In your comments you mention an operative time of 2 hours which is quite a bit faster than we usually see in our teaching setting - is this a fairly standard time in your institution? The times in the private sector are usually shorter but we are trying to strike a balance between efficiency and trainee experience.
We have certainly had a few challenges with ventilation at times due to the Trendelenburg positioning and the duration of the case and most of us are using a pressure controlled mode and accepting that the CO2 will be elevated by the end of he case. What ventilation strategy do you usually employ and do you find it troublesome to manage in these cases? Do you have any weight limitations on those accepted for robotic surgery?
Many thanks, Meg
Thanks for the comments.
There is no teaching component which probably explains the operative time being shorter than you experience. I haven't included induction time but in reality this is not usually much more than 15-20 mins including the performance of the spinal.
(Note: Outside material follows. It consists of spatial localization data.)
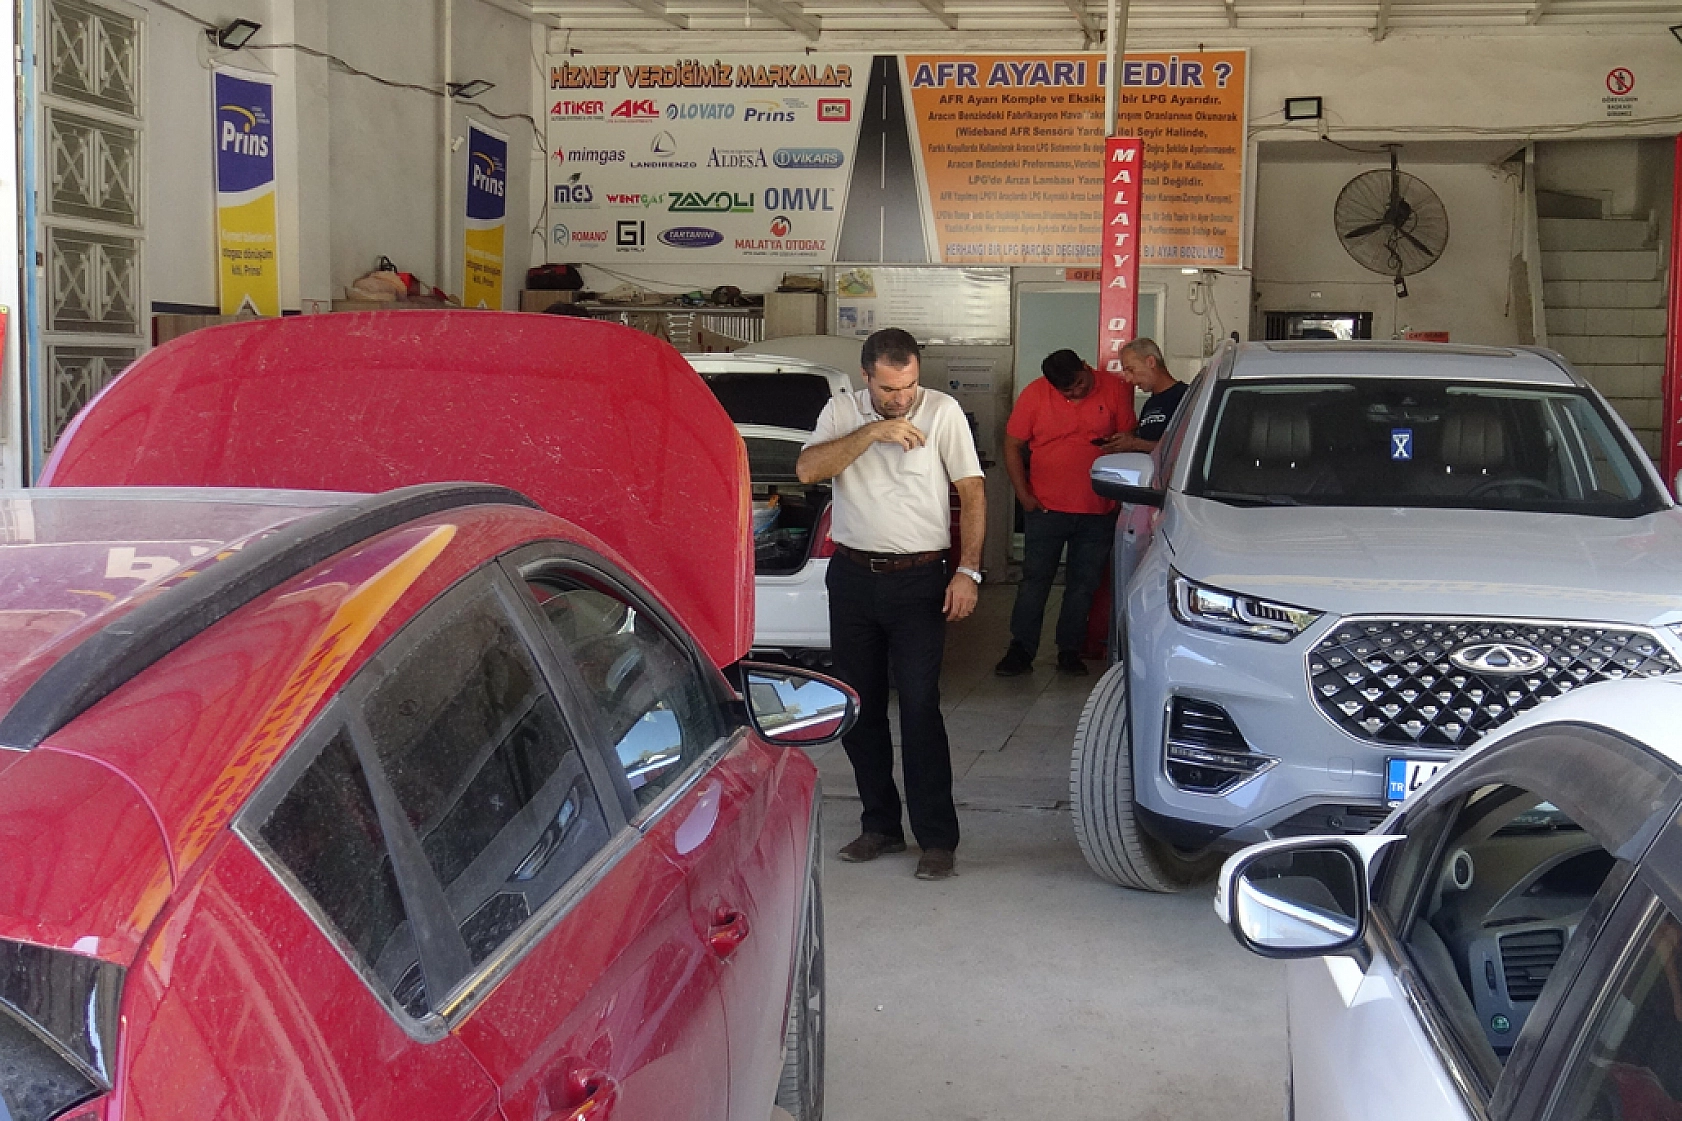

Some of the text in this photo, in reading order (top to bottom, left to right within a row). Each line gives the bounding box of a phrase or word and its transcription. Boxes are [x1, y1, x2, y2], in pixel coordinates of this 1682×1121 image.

[551, 58, 852, 88] HİZMET VERDİĞİMİZ MARKALAR
[912, 62, 979, 88] AFR
[987, 61, 1086, 87] AYARI
[610, 99, 660, 119] AKL
[939, 95, 963, 104] AFR
[1001, 95, 1047, 106] Komple
[1122, 94, 1139, 104] bir
[1142, 95, 1167, 104] LPG
[679, 102, 735, 120] LOVATO
[743, 107, 796, 122] Prins
[221, 120, 269, 158] Prins
[1010, 127, 1031, 137] AFR
[568, 147, 627, 165] mimgas
[473, 163, 504, 197] Prins
[764, 187, 834, 211] OMVL
[734, 239, 827, 251] MALATYA OTOGAZ
[1390, 782, 1405, 792] TR
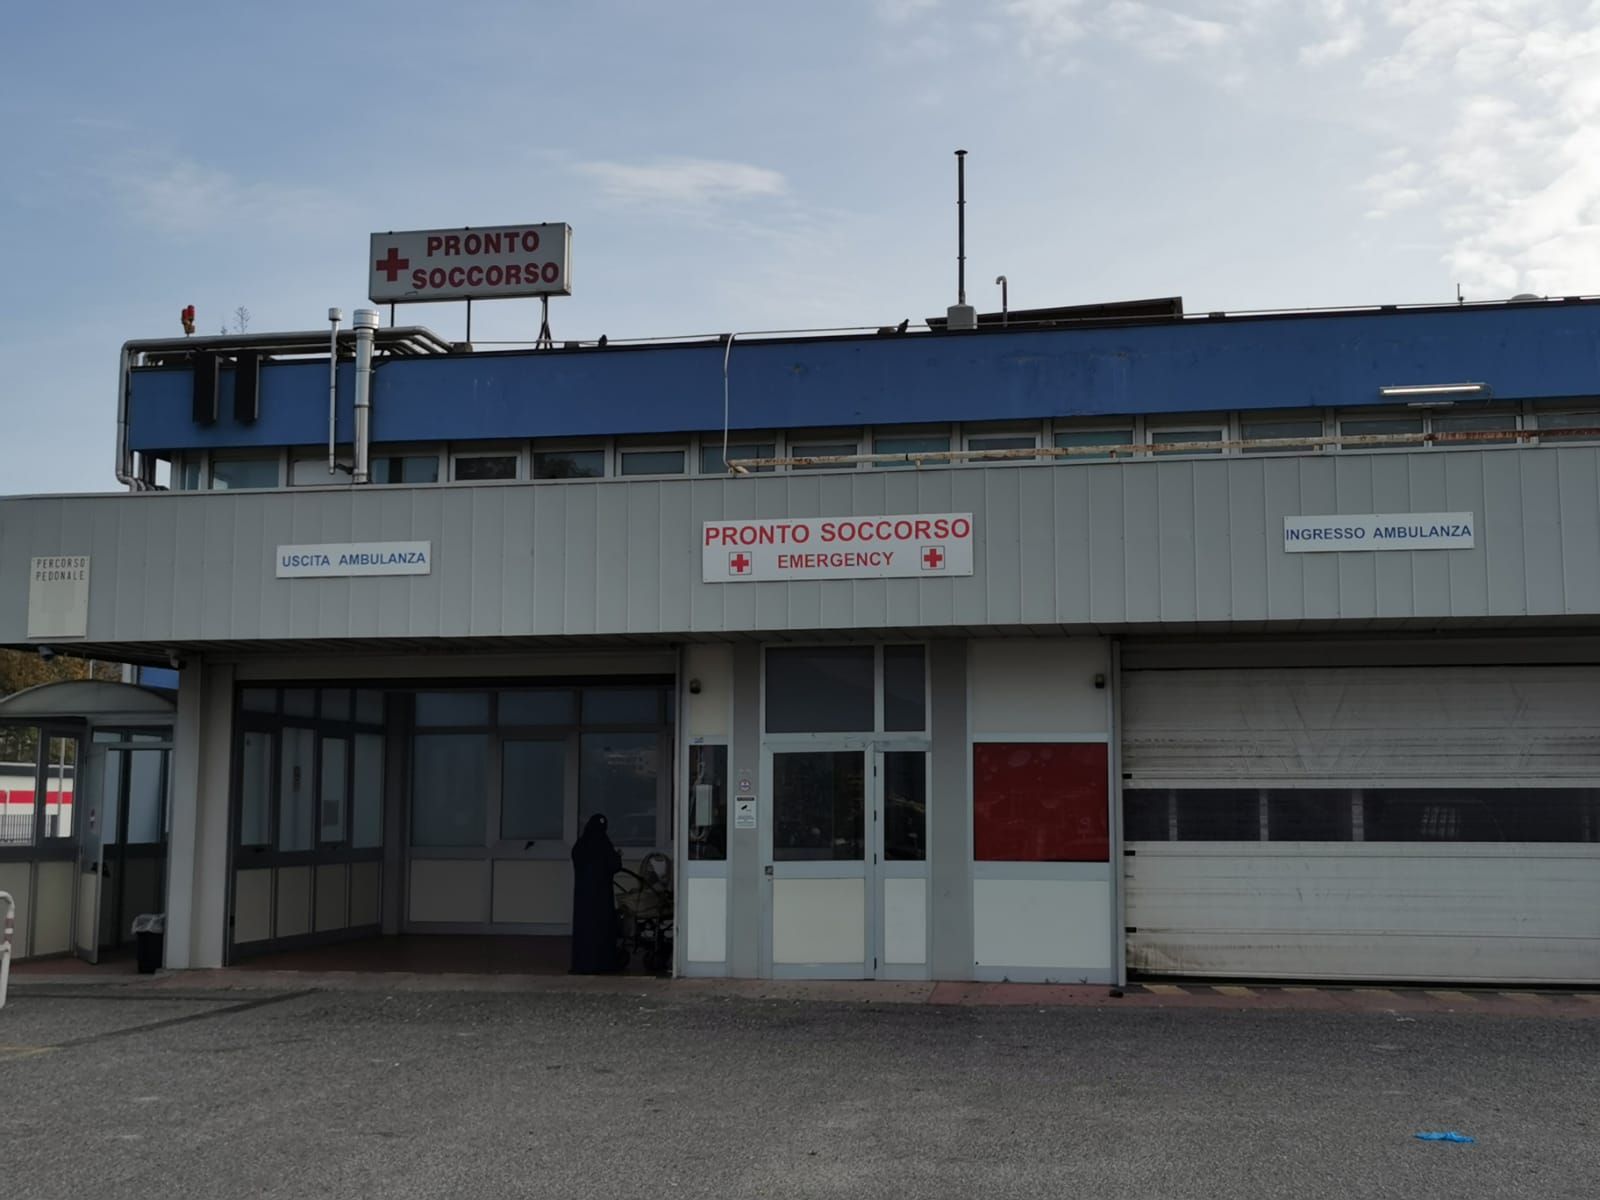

I agree ventilation can be tricky. I prefer volume control with the addition of 4-5cm PEEP. Whereas the mechanics of pressure control should provide better gas exchange I tend to find that fluctuating pressures within the abdominal cavity play havoc with minute volume and unless one is extremely vigilant can lead to significant hypoventilation. In reality most of the patients are not head down for more than 90 mins and so I have not had a major problem that hasn't been resolved by a a few minor ventilatory adjustments.
I am intrigued by your relatively low pain scores without the use of regional blockade. If not using spinals I have found that most of the patients still require supplemental opioids in recovery. Spinals plus 2 hour ops produce a pain score of 1-2 in recovery a situation I'm comfortable with.